*** Opening of THE DATA ***

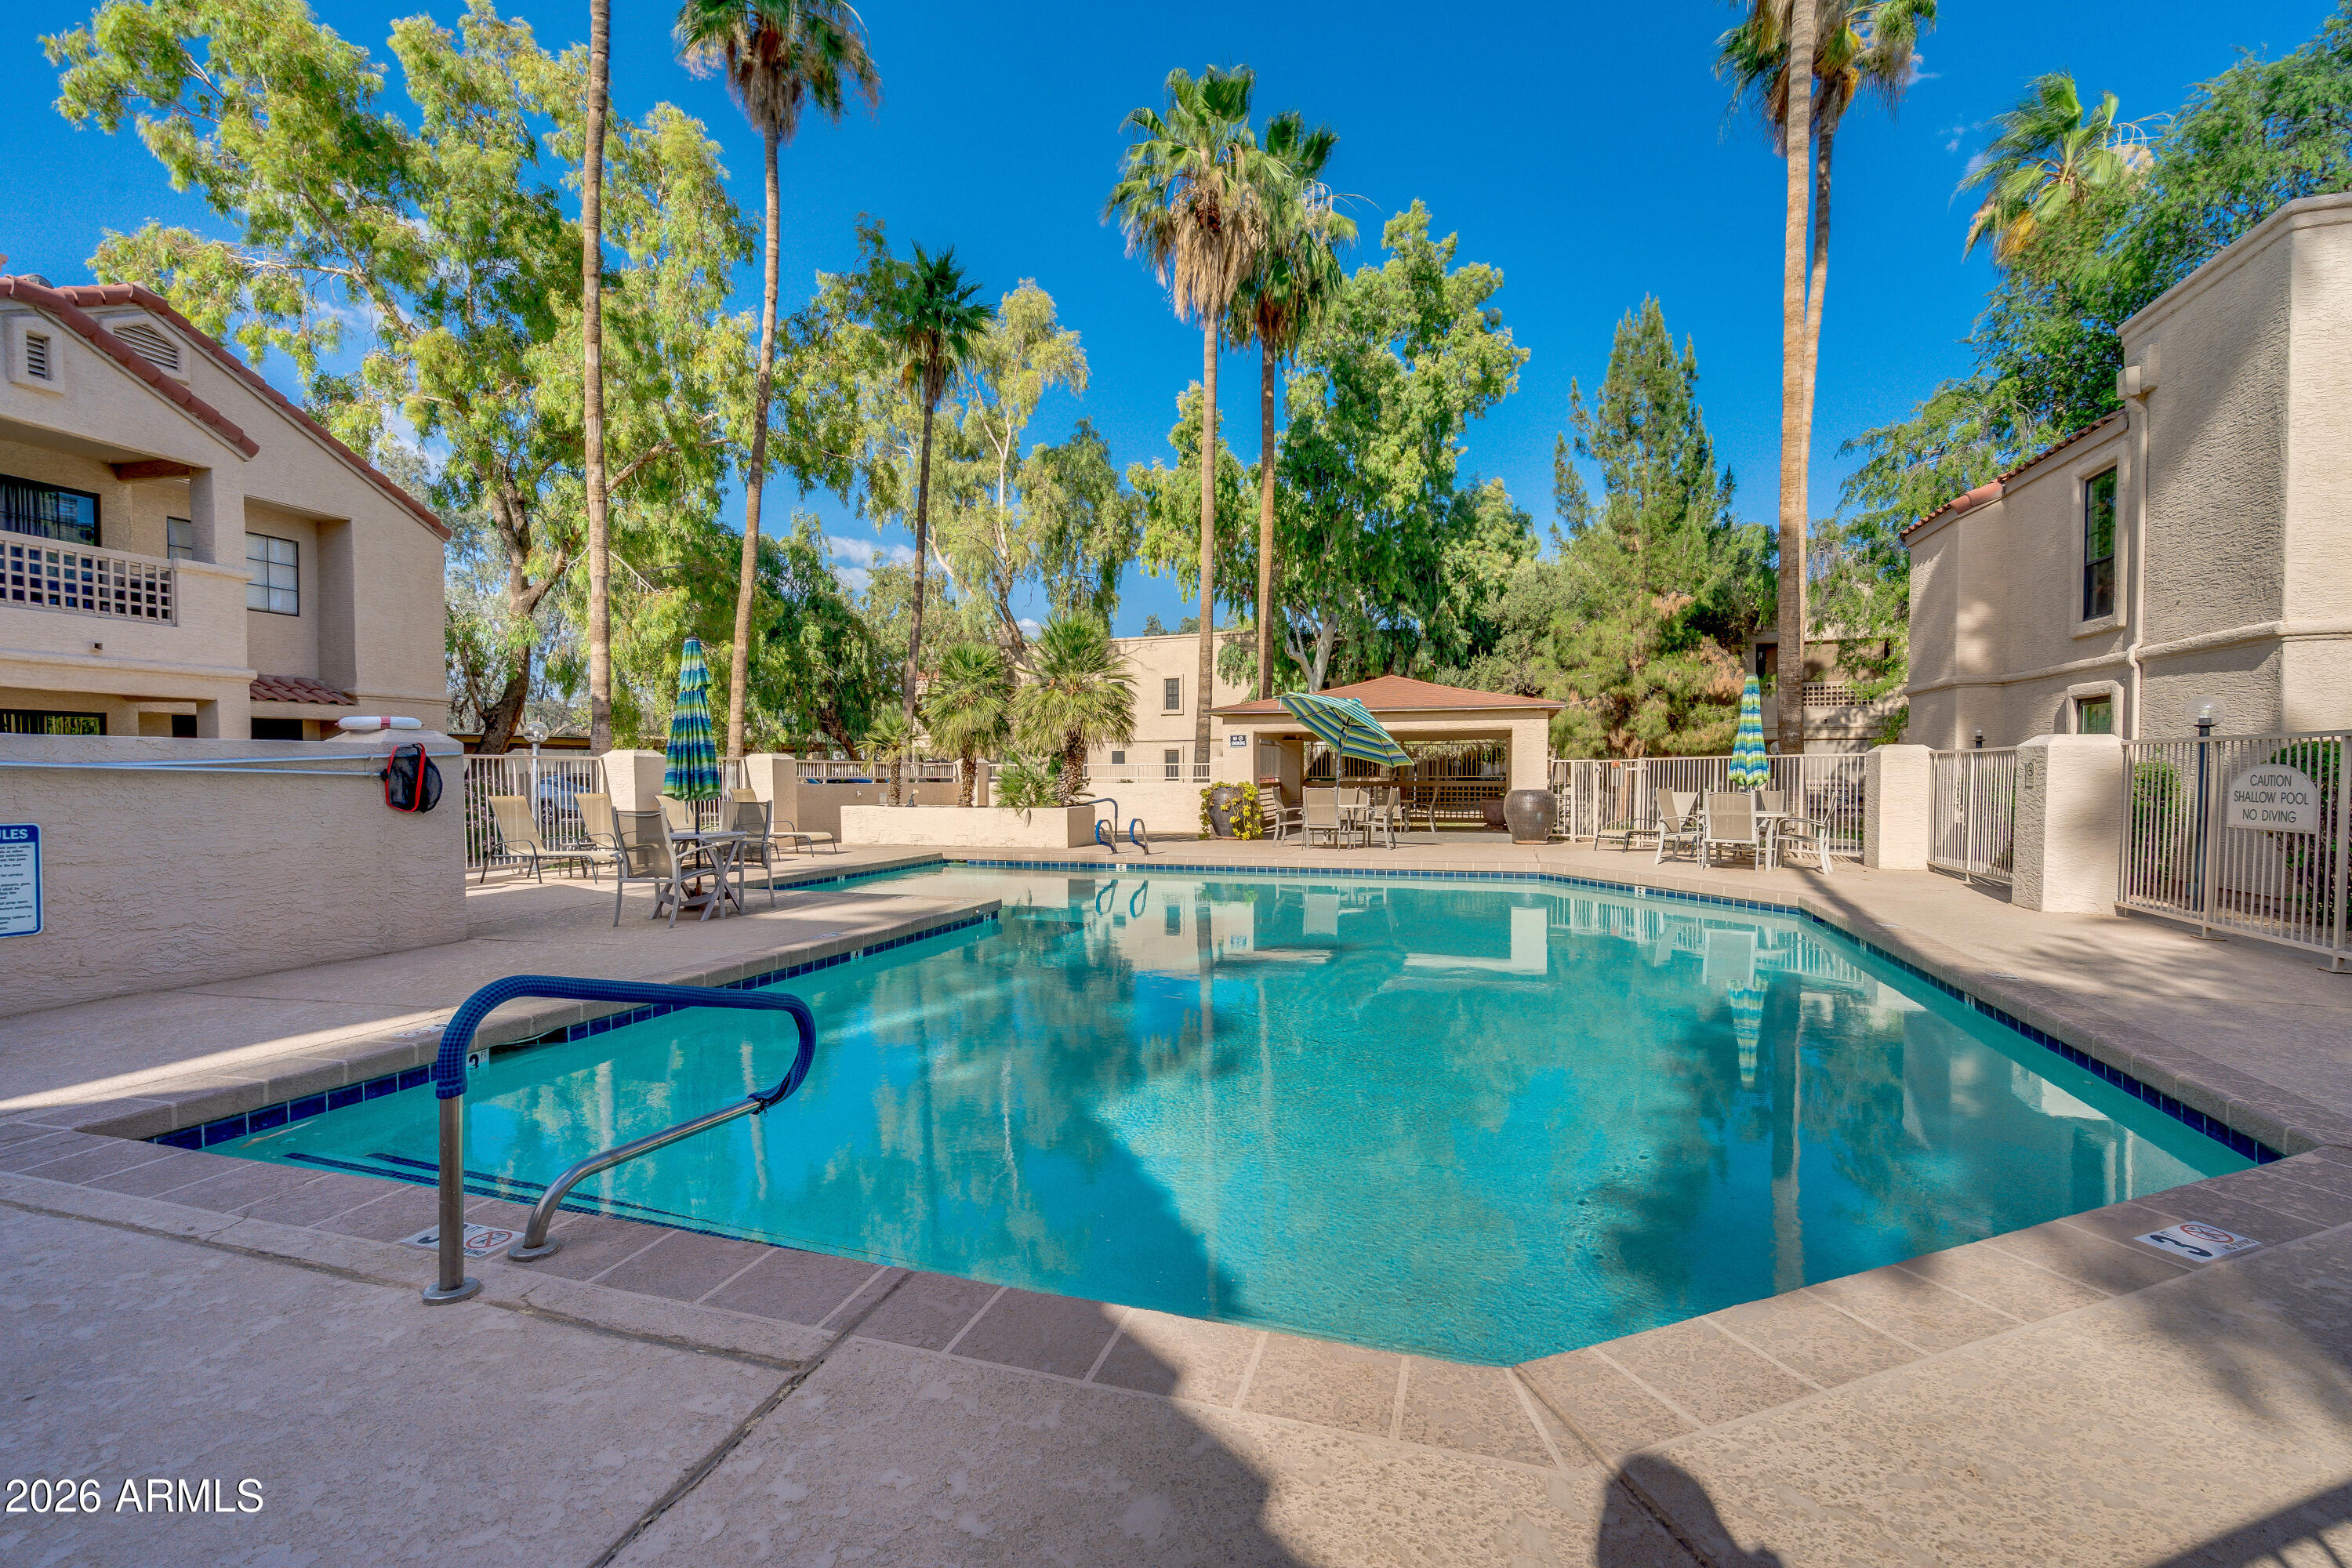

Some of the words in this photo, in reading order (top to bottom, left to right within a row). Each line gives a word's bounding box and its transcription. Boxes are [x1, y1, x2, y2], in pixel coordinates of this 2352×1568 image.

[2249, 774, 2292, 787] CAUTION
[2234, 790, 2277, 804] SHALLOW
[2280, 792, 2309, 805] POOL
[2242, 808, 2258, 821] NO
[2261, 809, 2297, 823] DIVING
[0, 829, 29, 840] LES

*** Close of THE DATA ***

### YOUR GOAL
Output a verbatim copy of the entries and skip the pictures.

### ANSWER BOX
Some of the words in this photo, in reading order (top to bottom, left to right within a row). Each line gives a word's bounding box and its transcription. Boxes are [x1, y1, x2, y2], in pixel coordinates of this 2352×1568 image.

[2249, 774, 2292, 787] CAUTION
[2234, 790, 2277, 804] SHALLOW
[2280, 792, 2309, 805] POOL
[2242, 808, 2258, 821] NO
[2261, 809, 2297, 823] DIVING
[0, 829, 29, 840] LES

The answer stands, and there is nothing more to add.